— PROBLEM DESCRIPTION —
Your task is to copy the records that follow exactly, minus any images.

— WORKING DATA —
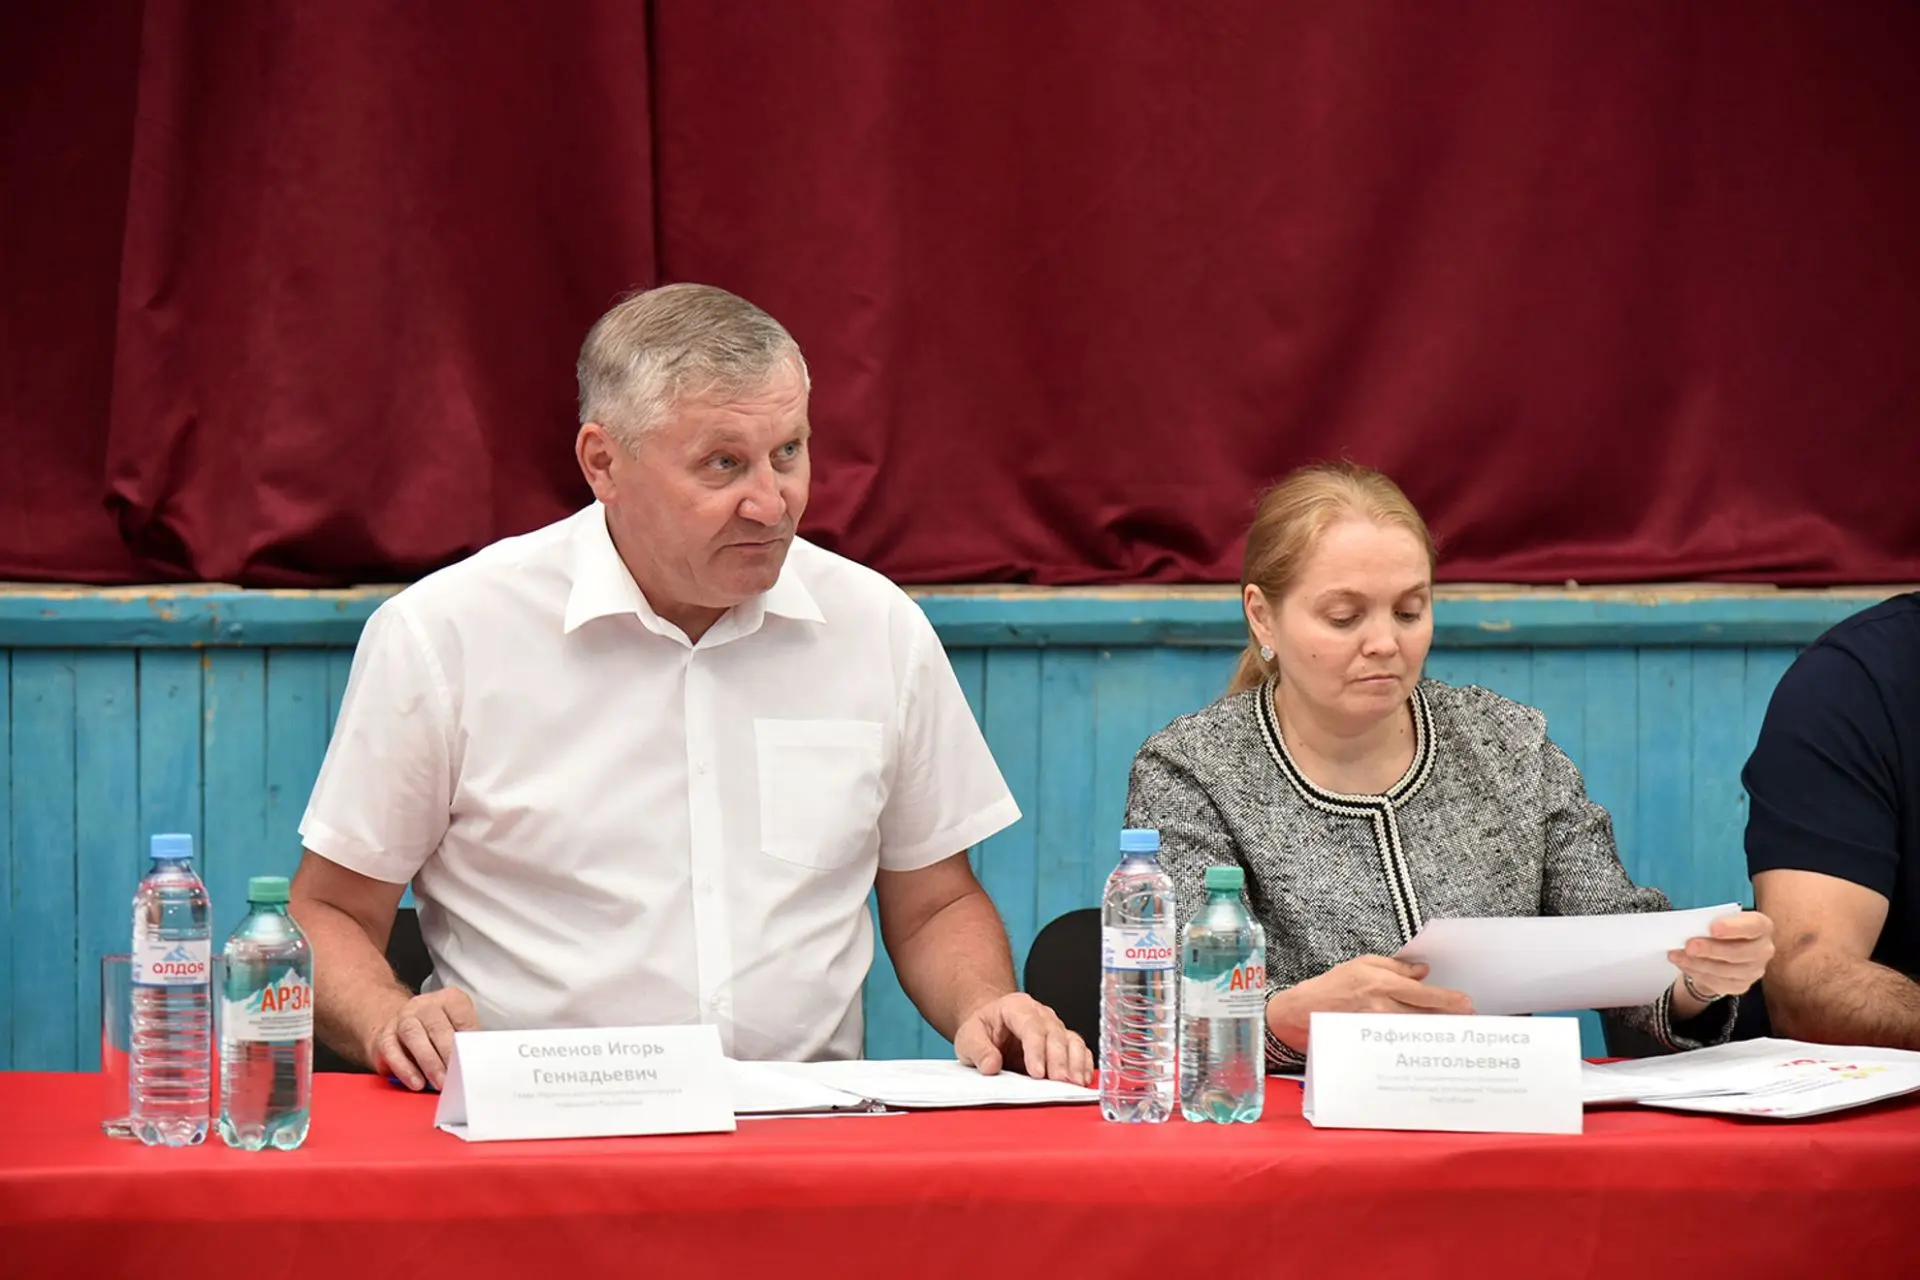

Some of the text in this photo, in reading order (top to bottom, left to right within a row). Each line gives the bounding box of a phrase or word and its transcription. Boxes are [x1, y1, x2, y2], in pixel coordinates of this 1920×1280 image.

[1360, 1028, 1531, 1046] Рафикова Лариса
[518, 1041, 665, 1058] Семенов Игорь
[1395, 1053, 1521, 1069] Анатольевна
[533, 1067, 658, 1085] Геннадьевич
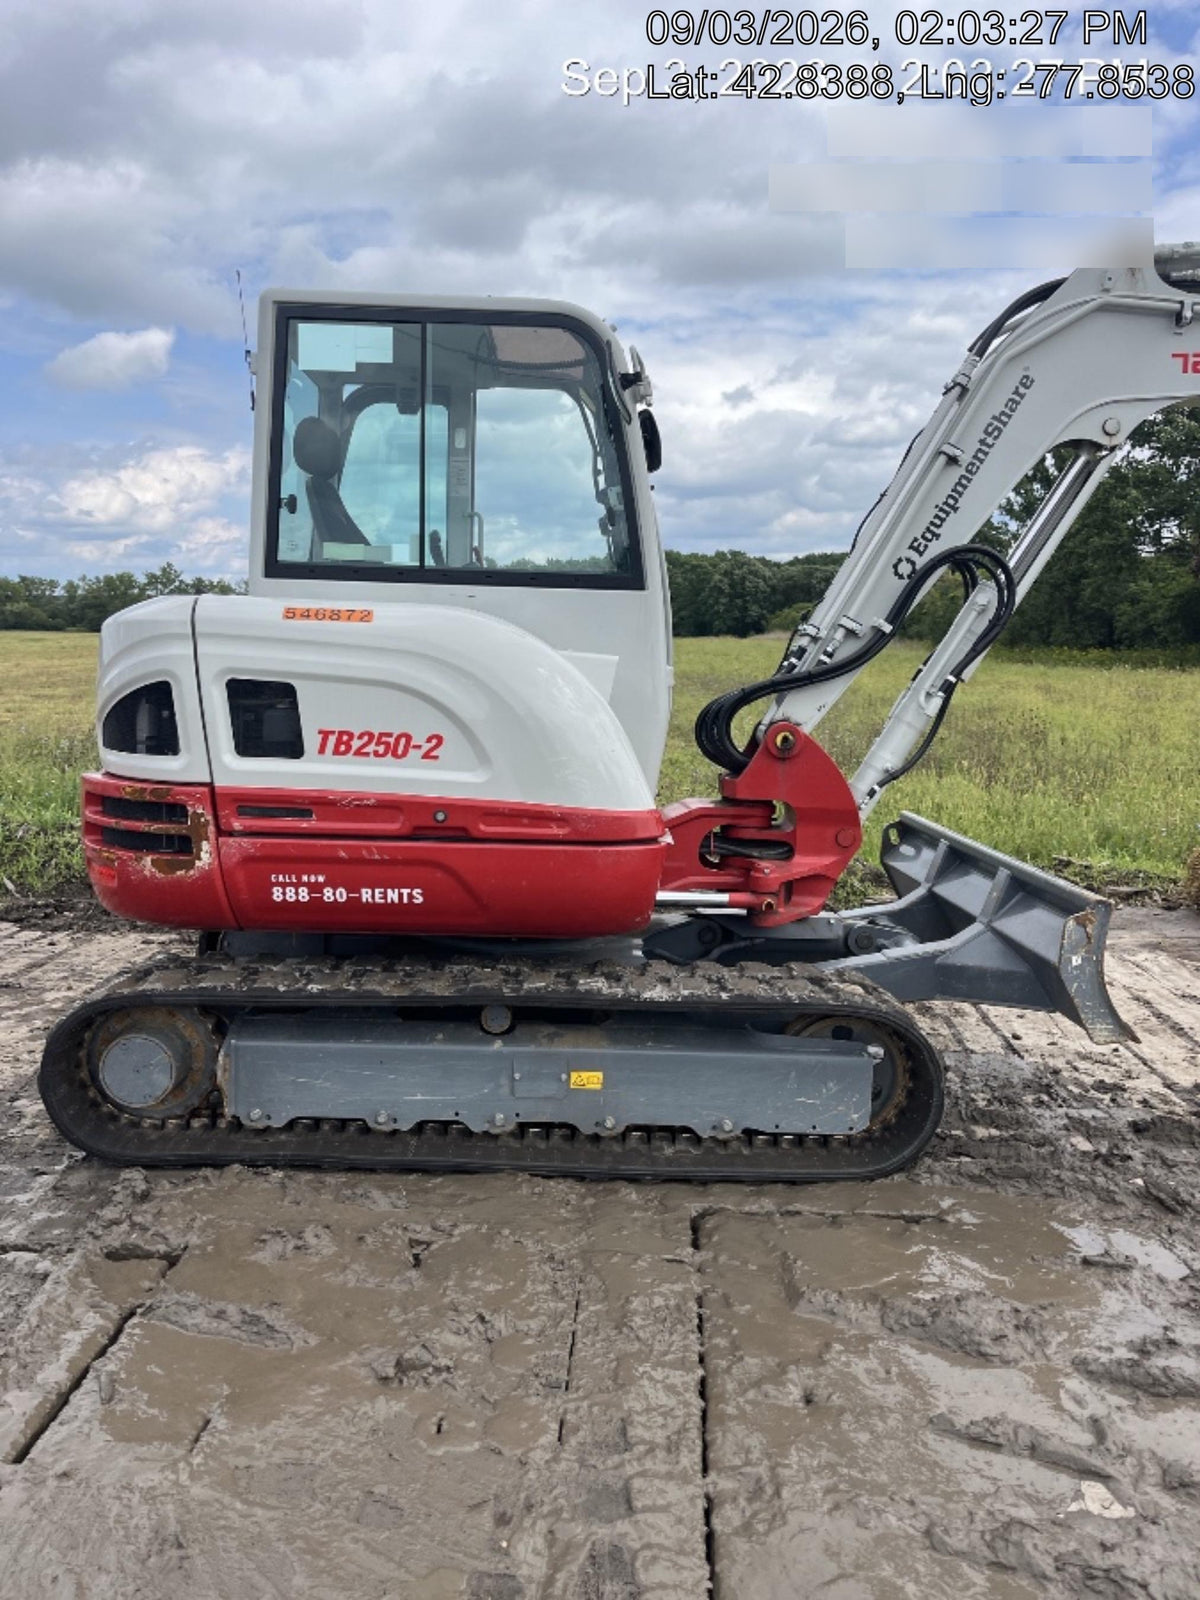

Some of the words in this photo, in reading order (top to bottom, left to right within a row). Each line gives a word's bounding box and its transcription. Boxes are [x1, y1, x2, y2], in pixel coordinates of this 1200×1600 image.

[907, 373, 1036, 559] EquipmentShare
[284, 606, 372, 623] 546872
[317, 729, 444, 761] TB250-2
[271, 874, 298, 883] CALL
[301, 874, 326, 883] NOW
[271, 886, 424, 905] 888-80-RENTS

— EXERCISE RESULT —
Some of the text in this photo, in reading order (top to bottom, left to right within a row). Each line gives the bounding box of a phrase or word and its transcription. Boxes are [x1, y1, x2, y2], in pixel coordinates of this 1920×1280 image.

[1360, 1028, 1531, 1046] Рафикова Лариса
[518, 1041, 665, 1058] Семенов Игорь
[1395, 1053, 1521, 1069] Анатольевна
[533, 1067, 658, 1085] Геннадьевич

Some of the words in this photo, in reading order (top to bottom, left to right within a row). Each line gives a word's bounding box and its transcription. Boxes are [x1, y1, x2, y2], in pixel coordinates of this 1200×1600 image.

[907, 373, 1036, 559] EquipmentShare
[284, 606, 372, 623] 546872
[317, 729, 444, 761] TB250-2
[271, 874, 298, 883] CALL
[301, 874, 326, 883] NOW
[271, 886, 424, 905] 888-80-RENTS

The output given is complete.